Had any of these incidents occurred in Israel, the State Department would have been up in arms. If there’s any doubt about that assertion, consider Jen Psaki’s comments concerning Israel’s decision to demolish the home of a terrorist responsible for crushing a pedestrian with a stolen excavator in August.
Psaki condemned the Israeli decision stating that it amounted to “collective punishment.” In Psaki’s eyes, the destruction of 800 Rafah homes, most of which have no connection to illicit activity, suits the State Department just fine but the targeted demolition of a single home belonging to a confirmed depraved Palestinian terrorist amounts to “collective punishment.”
Now consider the administration’s lackadaisical response to the humiliation of its servicemen on Turkish soil and subsequent dropping of all charges against the culprits by Turkish prosecutors. The State Department’s silence on the matter is deafening. By contrast, when a Palestinian terrorist with U.S. citizenship was shot while throwing gasoline bombs at vehicular traffic, Obama’s State Department went into high gear expressing its “deepest condolences” to the terrorist’s family and demanding a “speedy and transparent investigation” into the shooting.

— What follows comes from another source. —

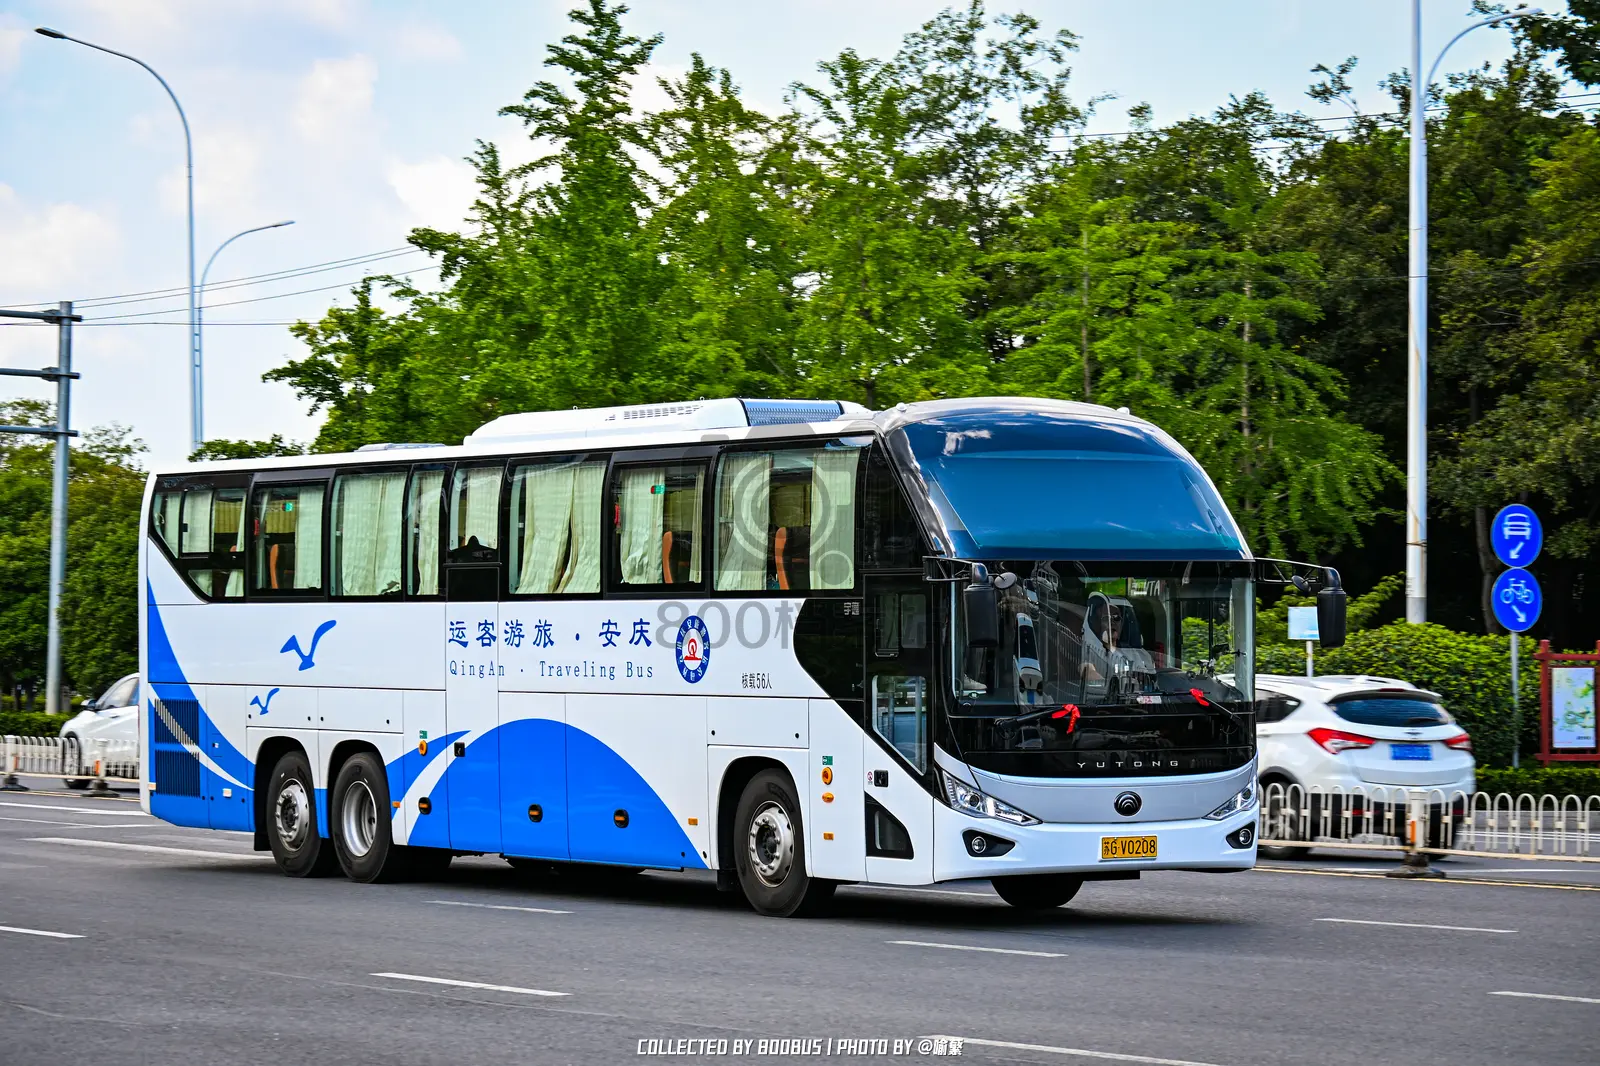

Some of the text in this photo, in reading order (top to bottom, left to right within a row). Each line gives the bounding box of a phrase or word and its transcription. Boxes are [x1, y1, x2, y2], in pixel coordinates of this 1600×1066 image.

It appears that the Obama administration, which treats friends like enemies and enemies like friends, has adopted one standard for Israel and another for the autocratic governments that surround it. While Russia invades Ukraine, Turkey absorbs chunks of Cyprus and China continues its ethnic cleansing and occupation of Tibet as well as creeping annexation of areas within the South and East China seas, the administration appears besotted by the idea of tearing Israel away from parts of its ancestral land and creating yet another hostile and dysfunctional Arab country right on Israel’s doorstep. The administration’s continued haranguing of one of its closest allies is indicative of the disdain Obama has for Israel and serves only to embolden its genocidal enemies. But then again, maybe that’s precisely what he wants.